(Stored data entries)
────

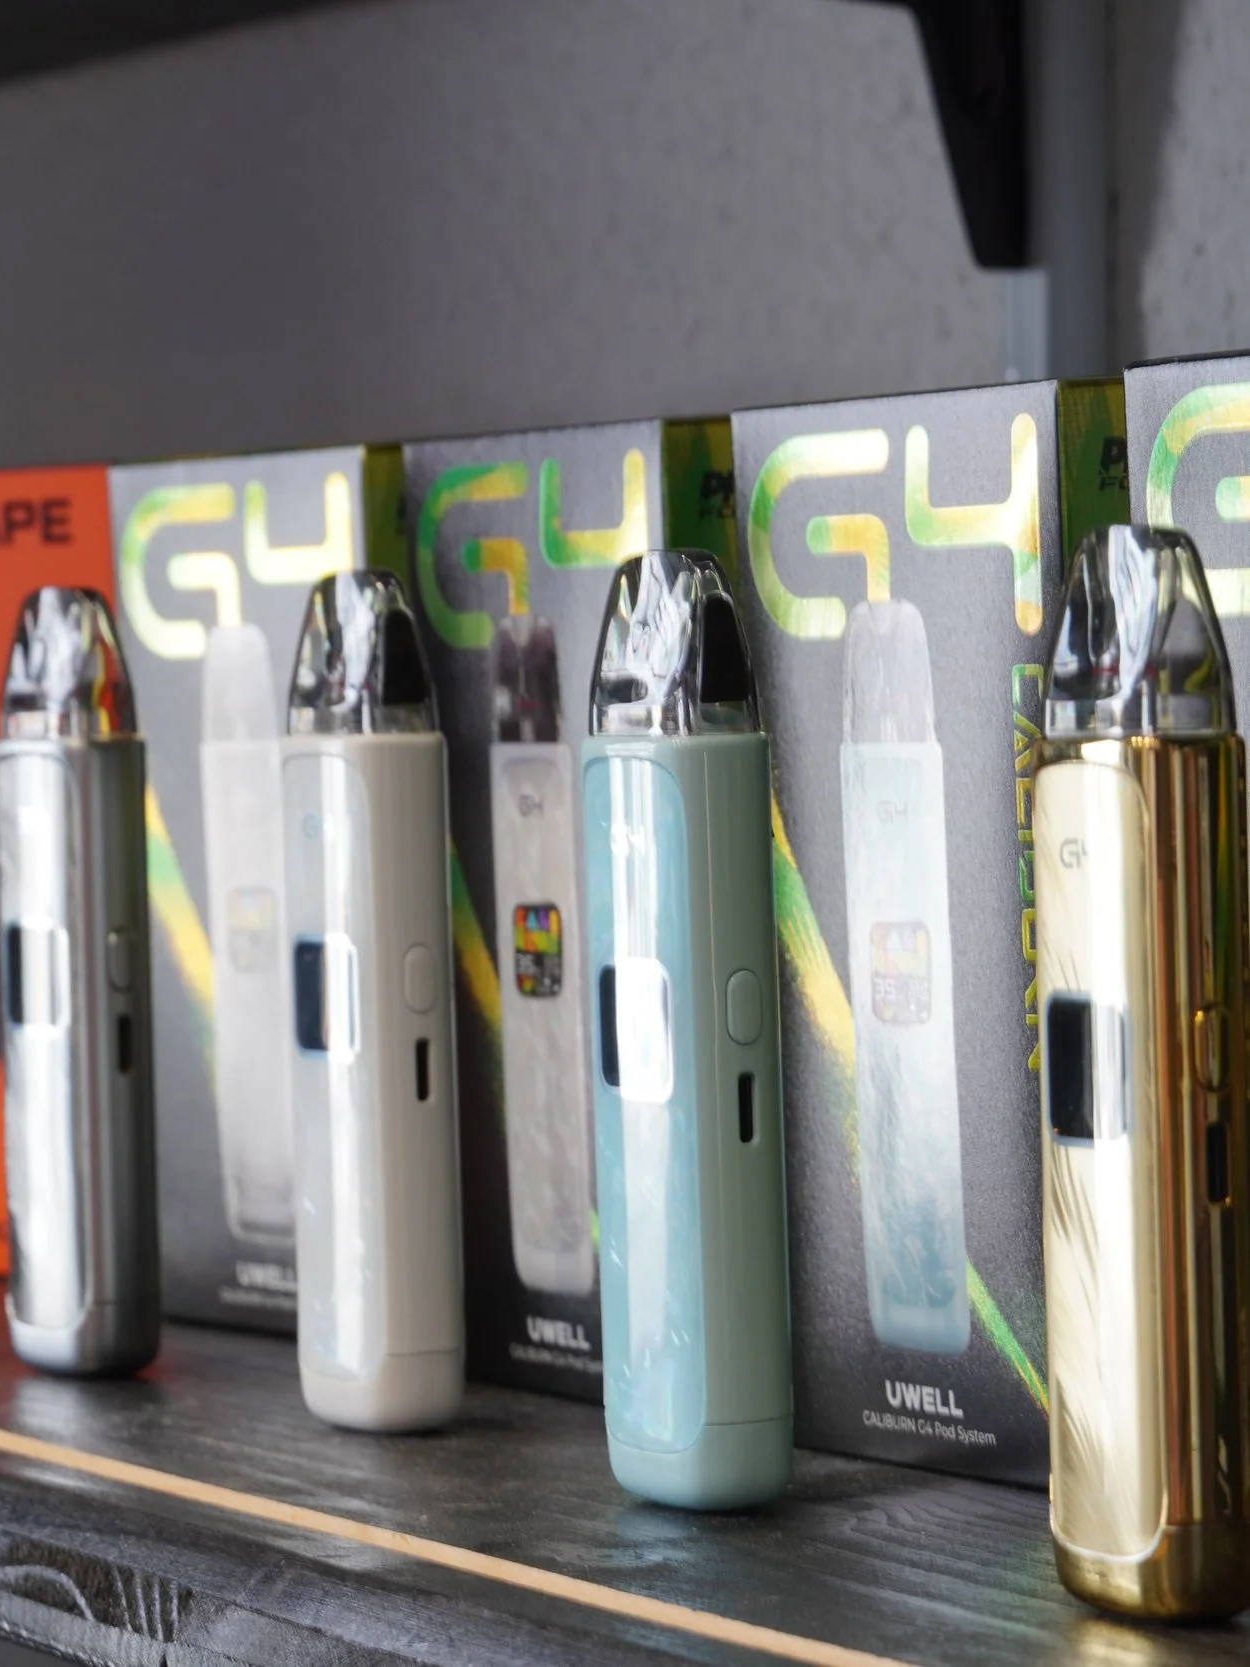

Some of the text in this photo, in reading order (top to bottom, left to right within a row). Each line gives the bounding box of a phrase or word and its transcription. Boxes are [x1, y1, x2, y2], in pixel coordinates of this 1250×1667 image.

[119, 471, 354, 659] G4
[416, 448, 649, 649] G4
[749, 412, 1043, 640] G4
[862, 1409, 917, 1434] CALIBURN
[934, 1421, 957, 1441] Pod
[956, 1425, 997, 1448] System
[884, 1379, 964, 1419] UWELL
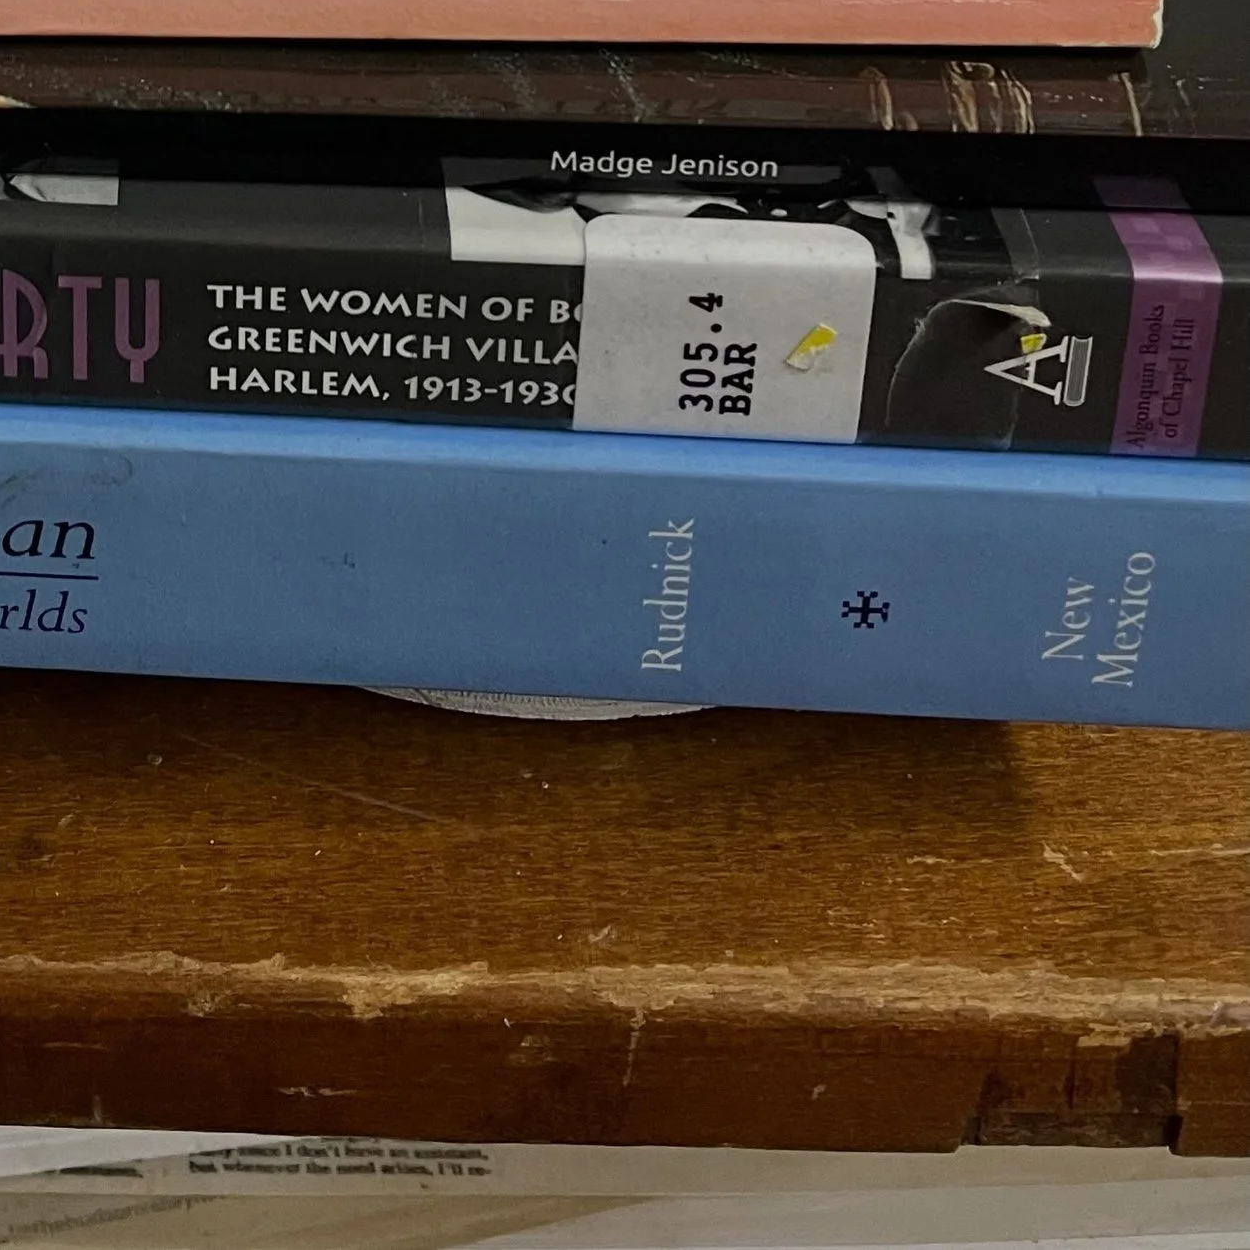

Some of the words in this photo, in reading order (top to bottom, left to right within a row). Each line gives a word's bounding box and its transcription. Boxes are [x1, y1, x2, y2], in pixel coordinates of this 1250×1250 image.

[550, 150, 653, 178] Madge
[662, 153, 779, 178] Jenison
[207, 284, 287, 312] THE
[300, 287, 468, 320] WOMEN
[481, 296, 535, 323] OF
[1139, 304, 1166, 356] Books
[208, 325, 450, 360] GREENWICH
[678, 292, 723, 412] 305.4
[1171, 318, 1196, 351] Hill
[209, 366, 390, 401] HARLEM,
[719, 342, 758, 416] BAR
[1126, 362, 1160, 448] Algonquin
[1162, 356, 1193, 417] Chapel
[1159, 416, 1178, 439] of
[641, 517, 696, 672] Rudnick
[1041, 576, 1096, 660] New
[1091, 551, 1157, 688] Mexico
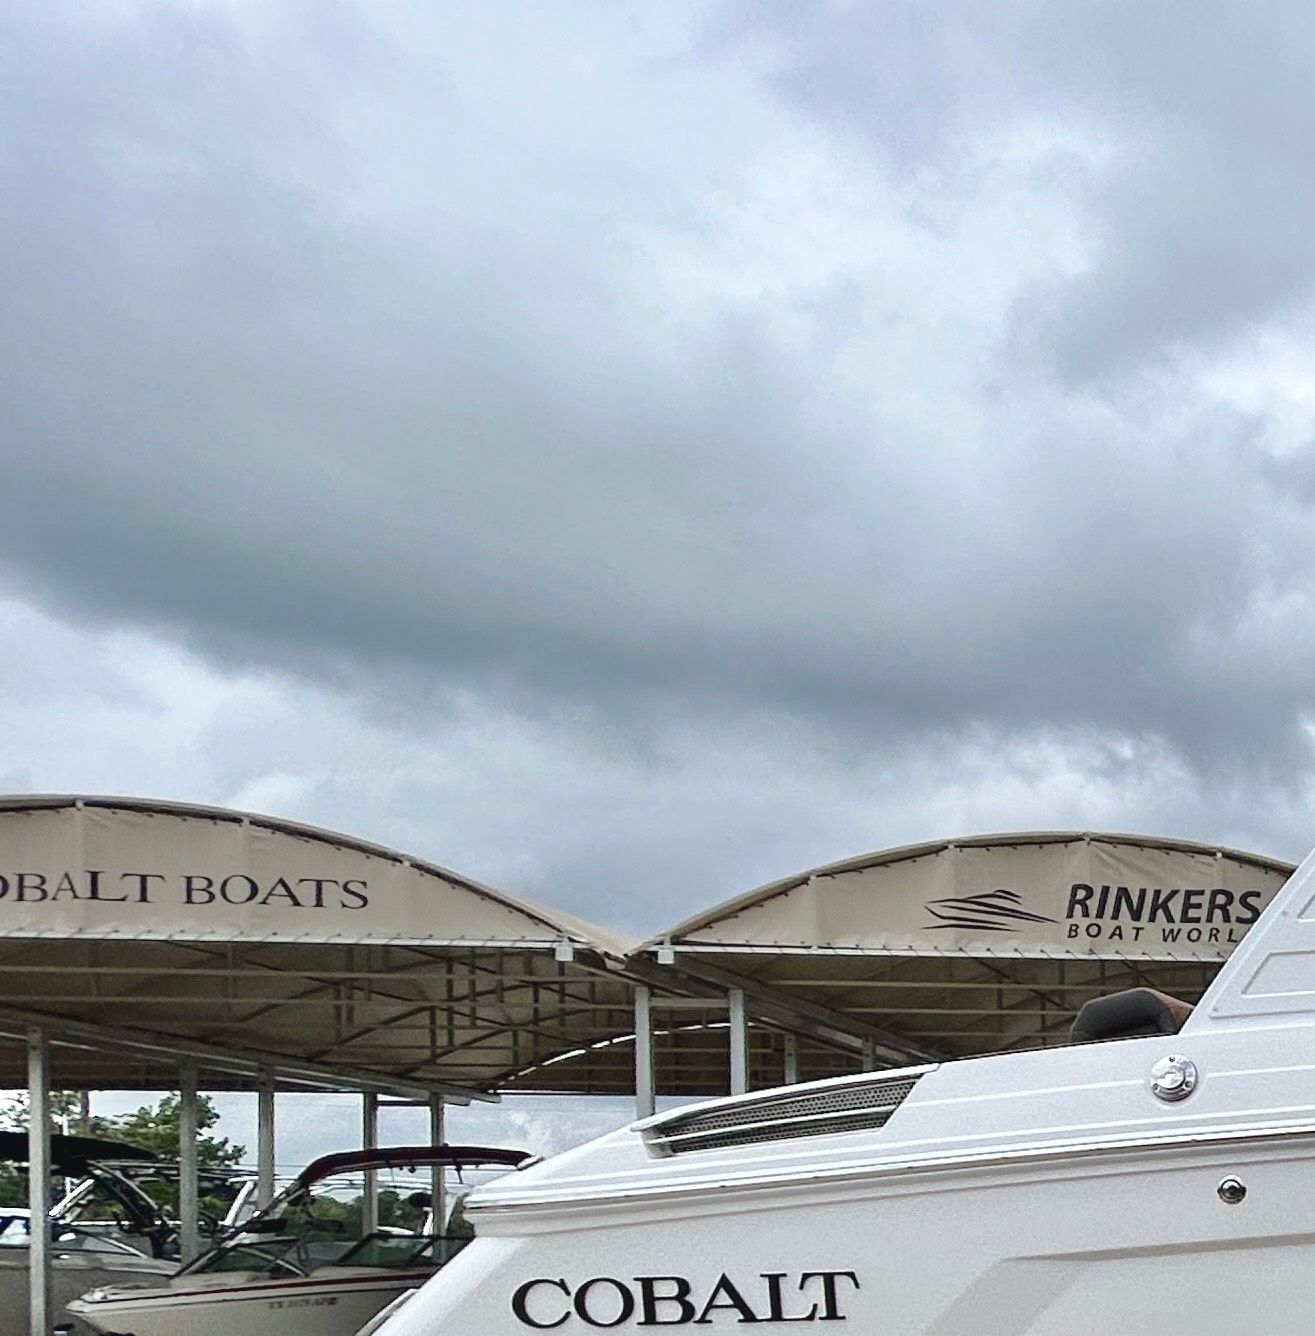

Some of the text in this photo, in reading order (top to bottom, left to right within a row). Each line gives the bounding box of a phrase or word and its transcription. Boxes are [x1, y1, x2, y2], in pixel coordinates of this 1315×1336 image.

[0, 870, 369, 909] BALT BOATS
[1066, 883, 1262, 924] RINKERS
[1067, 923, 1240, 944] BOAT WORL
[511, 1271, 861, 1330] COBALT

────

- _ASSIGNED TASK_
Every record above should reappear exactly, with the pictures gone.

- _WRITTEN RESPONSE_
Some of the text in this photo, in reading order (top to bottom, left to right within a row). Each line gives the bounding box of a phrase or word and its transcription. Boxes are [x1, y1, x2, y2], in pixel coordinates of this 1250×1667 image.

[119, 471, 354, 659] G4
[416, 448, 649, 649] G4
[749, 412, 1043, 640] G4
[862, 1409, 917, 1434] CALIBURN
[934, 1421, 957, 1441] Pod
[956, 1425, 997, 1448] System
[884, 1379, 964, 1419] UWELL

Some of the words in this photo, in reading order (top to bottom, left to right within a row). Each line gives a word's bounding box and its transcription. Boxes are [x1, y1, x2, y2], in pixel coordinates of this 1250×1250 image.

[550, 150, 653, 178] Madge
[662, 153, 779, 178] Jenison
[207, 284, 287, 312] THE
[300, 287, 468, 320] WOMEN
[481, 296, 535, 323] OF
[1139, 304, 1166, 356] Books
[208, 325, 450, 360] GREENWICH
[678, 292, 723, 412] 305.4
[1171, 318, 1196, 351] Hill
[209, 366, 390, 401] HARLEM,
[719, 342, 758, 416] BAR
[1126, 362, 1160, 448] Algonquin
[1162, 356, 1193, 417] Chapel
[1159, 416, 1178, 439] of
[641, 517, 696, 672] Rudnick
[1041, 576, 1096, 660] New
[1091, 551, 1157, 688] Mexico

Some of the text in this photo, in reading order (top to bottom, left to right within a row). Each line gives the bounding box of a phrase or word and its transcription. Boxes are [x1, y1, x2, y2], in pixel coordinates of this 1315×1336 image.

[0, 870, 369, 909] BALT BOATS
[1066, 883, 1262, 924] RINKERS
[1067, 923, 1240, 944] BOAT WORL
[511, 1271, 861, 1330] COBALT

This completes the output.